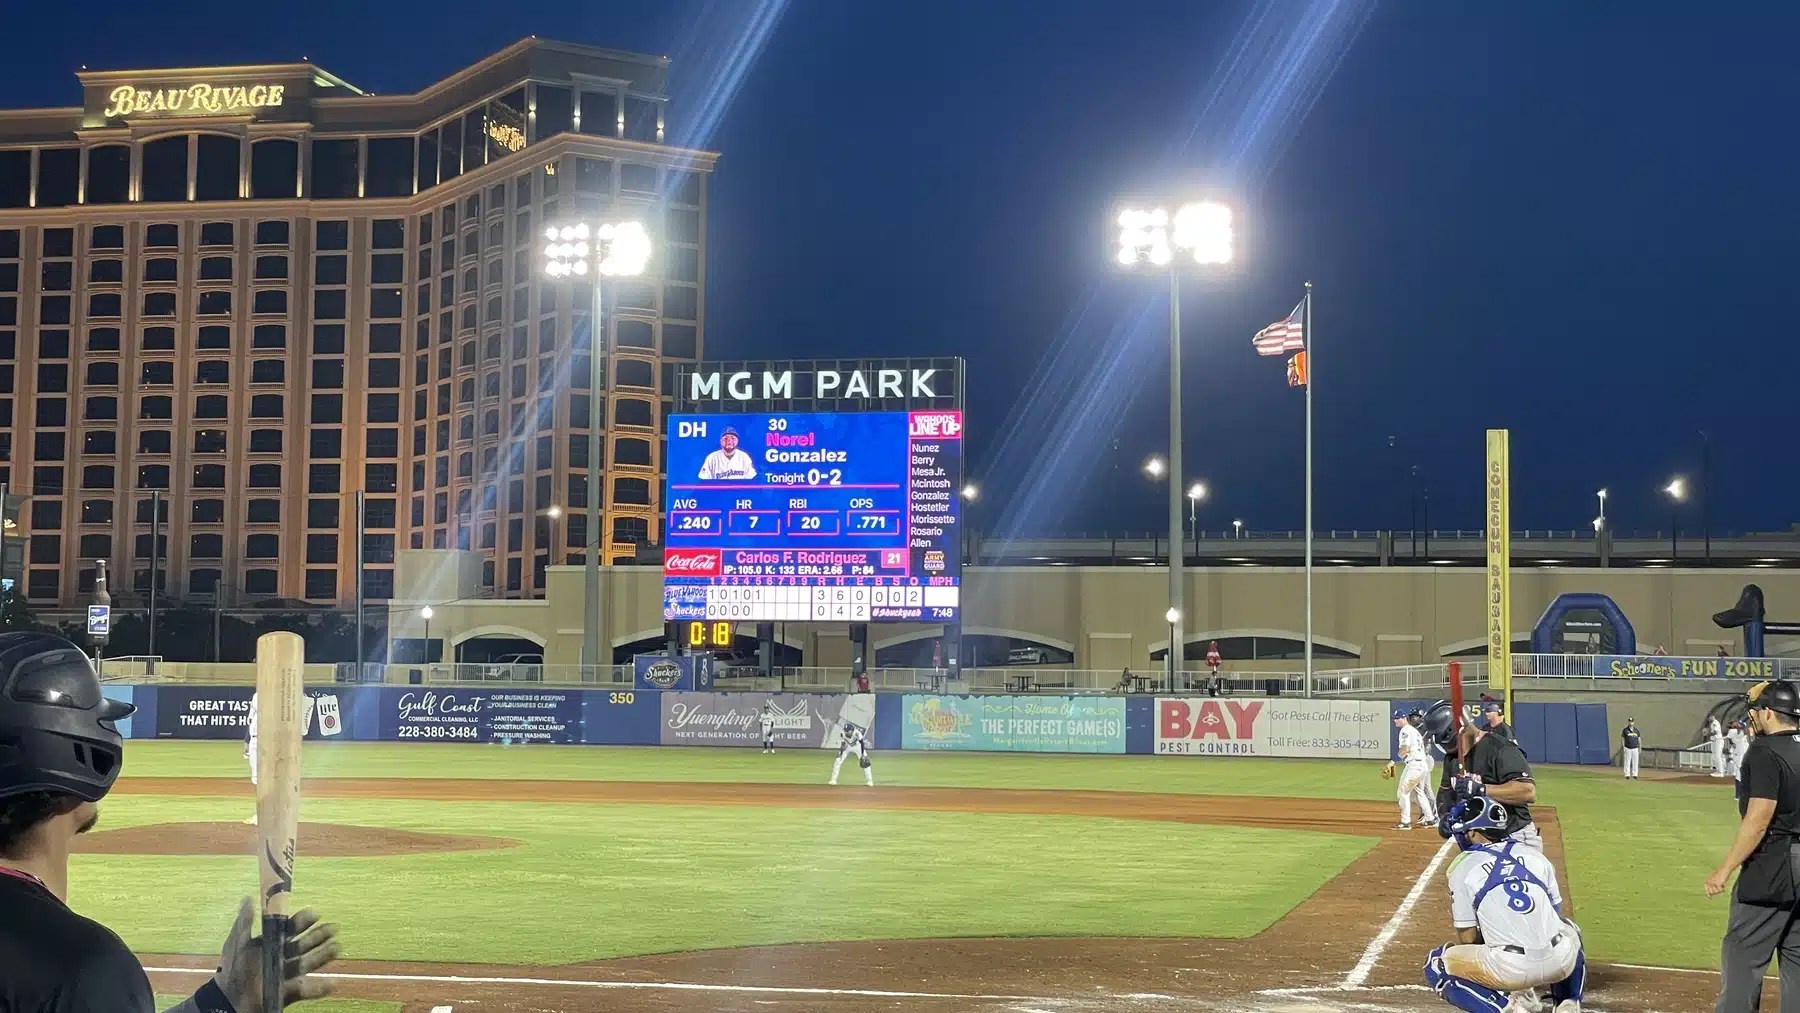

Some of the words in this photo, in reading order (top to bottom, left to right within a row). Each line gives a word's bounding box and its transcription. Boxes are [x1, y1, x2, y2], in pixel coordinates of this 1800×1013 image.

[105, 86, 188, 117] BEAU
[187, 84, 285, 112] RIVAGE
[691, 371, 792, 401] MGM
[817, 369, 937, 399] PARK
[678, 421, 707, 438] DH
[768, 418, 787, 431] 30
[942, 422, 960, 436] UP
[766, 432, 815, 447] Norel
[911, 443, 940, 453] Nunez
[765, 448, 847, 463] Gonzalez
[911, 455, 935, 466] Berry
[765, 472, 805, 485] Tonight
[807, 468, 842, 486] 0-2
[911, 467, 934, 476] Mesa
[934, 467, 946, 476] Jr.
[911, 491, 950, 500] Gonzalez
[673, 499, 697, 510] AVG
[736, 499, 752, 510] HR
[789, 498, 808, 509] RBI
[850, 498, 873, 509] OPS
[911, 502, 950, 512] Hostetler
[1490, 461, 1501, 554] CONECUH
[678, 516, 711, 530] .240
[749, 516, 759, 529] 7
[801, 516, 820, 529] 20
[856, 516, 886, 529] .771
[910, 514, 956, 524] Morissette
[910, 526, 943, 536] Rosario
[910, 538, 932, 548] Allen
[736, 552, 780, 564] Carlos
[783, 552, 793, 564] F.
[797, 551, 867, 566] Rodriguez
[887, 553, 901, 564] 21
[778, 565, 795, 575] 132
[710, 577, 715, 585] 1
[721, 577, 727, 585] 2
[732, 577, 739, 585] 3
[778, 577, 784, 585] 7
[818, 577, 826, 585] R
[837, 577, 844, 585] H
[856, 577, 863, 585] E
[875, 577, 883, 585] B
[893, 577, 900, 585] S
[910, 577, 919, 586] O
[929, 577, 953, 585] MPH
[710, 589, 715, 600] 1
[720, 589, 727, 600] 0
[733, 589, 738, 600] 1
[744, 589, 751, 600] 0
[756, 589, 760, 600] 1
[818, 590, 825, 600] 3
[837, 590, 844, 600] 6
[856, 590, 863, 600] 0
[876, 591, 883, 602] 0
[893, 591, 901, 602] 0
[910, 591, 918, 602] 2
[709, 605, 716, 616] 0
[720, 605, 727, 616] 0
[732, 605, 739, 616] 0
[743, 605, 750, 616] 0
[818, 606, 825, 616] 0
[837, 606, 844, 616] 4
[856, 606, 864, 616] 2
[932, 608, 953, 617] 7:48
[1491, 564, 1502, 660] SAUSAGE
[645, 666, 682, 680] Shuckers
[1611, 659, 1676, 680] Schooner's
[1681, 660, 1717, 676] FUN
[1725, 660, 1773, 677] ZONE
[609, 692, 635, 704] 350
[189, 700, 224, 711] GREAT
[320, 703, 337, 716] Lite
[398, 691, 438, 719] Gulf
[440, 695, 486, 713] Coast
[1025, 703, 1058, 716] Home
[180, 715, 210, 726] THAT
[211, 715, 236, 726] HITS
[668, 702, 759, 731] Yuengling
[775, 718, 805, 727] LIGHT
[1160, 700, 1264, 740] BAY
[1290, 711, 1311, 721] Pest
[1312, 711, 1331, 721] Call
[1333, 712, 1351, 722] The
[398, 725, 478, 738] 228-380-3484
[675, 731, 696, 739] NEXT
[697, 731, 747, 739] GENERATION
[786, 732, 807, 740] BEER
[982, 719, 1005, 734] THE
[1008, 719, 1063, 735] PERFECT
[1067, 719, 1121, 739] GAME(S)
[1160, 742, 1191, 753] PEST
[1199, 742, 1256, 754] CONTROL
[1268, 736, 1286, 747] Toll
[1287, 737, 1311, 747] Free:
[1312, 738, 1380, 750] 833-305-4229
[1503, 880, 1536, 915] 8

= Task instructions =
Repeat every line above exactly, minus the pictures.

= Output for this exercise =
Some of the words in this photo, in reading order (top to bottom, left to right within a row). Each line gives a word's bounding box and its transcription. Boxes are [x1, y1, x2, y2], in pixel coordinates of this 1800×1013 image.

[105, 86, 188, 117] BEAU
[187, 84, 285, 112] RIVAGE
[691, 371, 792, 401] MGM
[817, 369, 937, 399] PARK
[678, 421, 707, 438] DH
[768, 418, 787, 431] 30
[942, 422, 960, 436] UP
[766, 432, 815, 447] Norel
[911, 443, 940, 453] Nunez
[765, 448, 847, 463] Gonzalez
[911, 455, 935, 466] Berry
[765, 472, 805, 485] Tonight
[807, 468, 842, 486] 0-2
[911, 467, 934, 476] Mesa
[934, 467, 946, 476] Jr.
[911, 491, 950, 500] Gonzalez
[673, 499, 697, 510] AVG
[736, 499, 752, 510] HR
[789, 498, 808, 509] RBI
[850, 498, 873, 509] OPS
[911, 502, 950, 512] Hostetler
[1490, 461, 1501, 554] CONECUH
[678, 516, 711, 530] .240
[749, 516, 759, 529] 7
[801, 516, 820, 529] 20
[856, 516, 886, 529] .771
[910, 514, 956, 524] Morissette
[910, 526, 943, 536] Rosario
[910, 538, 932, 548] Allen
[736, 552, 780, 564] Carlos
[783, 552, 793, 564] F.
[797, 551, 867, 566] Rodriguez
[887, 553, 901, 564] 21
[778, 565, 795, 575] 132
[710, 577, 715, 585] 1
[721, 577, 727, 585] 2
[732, 577, 739, 585] 3
[778, 577, 784, 585] 7
[818, 577, 826, 585] R
[837, 577, 844, 585] H
[856, 577, 863, 585] E
[875, 577, 883, 585] B
[893, 577, 900, 585] S
[910, 577, 919, 586] O
[929, 577, 953, 585] MPH
[710, 589, 715, 600] 1
[720, 589, 727, 600] 0
[733, 589, 738, 600] 1
[744, 589, 751, 600] 0
[756, 589, 760, 600] 1
[818, 590, 825, 600] 3
[837, 590, 844, 600] 6
[856, 590, 863, 600] 0
[876, 591, 883, 602] 0
[893, 591, 901, 602] 0
[910, 591, 918, 602] 2
[709, 605, 716, 616] 0
[720, 605, 727, 616] 0
[732, 605, 739, 616] 0
[743, 605, 750, 616] 0
[818, 606, 825, 616] 0
[837, 606, 844, 616] 4
[856, 606, 864, 616] 2
[932, 608, 953, 617] 7:48
[1491, 564, 1502, 660] SAUSAGE
[645, 666, 682, 680] Shuckers
[1611, 659, 1676, 680] Schooner's
[1681, 660, 1717, 676] FUN
[1725, 660, 1773, 677] ZONE
[609, 692, 635, 704] 350
[189, 700, 224, 711] GREAT
[320, 703, 337, 716] Lite
[398, 691, 438, 719] Gulf
[440, 695, 486, 713] Coast
[1025, 703, 1058, 716] Home
[180, 715, 210, 726] THAT
[211, 715, 236, 726] HITS
[668, 702, 759, 731] Yuengling
[775, 718, 805, 727] LIGHT
[1160, 700, 1264, 740] BAY
[1290, 711, 1311, 721] Pest
[1312, 711, 1331, 721] Call
[1333, 712, 1351, 722] The
[398, 725, 478, 738] 228-380-3484
[675, 731, 696, 739] NEXT
[697, 731, 747, 739] GENERATION
[786, 732, 807, 740] BEER
[982, 719, 1005, 734] THE
[1008, 719, 1063, 735] PERFECT
[1067, 719, 1121, 739] GAME(S)
[1160, 742, 1191, 753] PEST
[1199, 742, 1256, 754] CONTROL
[1268, 736, 1286, 747] Toll
[1287, 737, 1311, 747] Free:
[1312, 738, 1380, 750] 833-305-4229
[1503, 880, 1536, 915] 8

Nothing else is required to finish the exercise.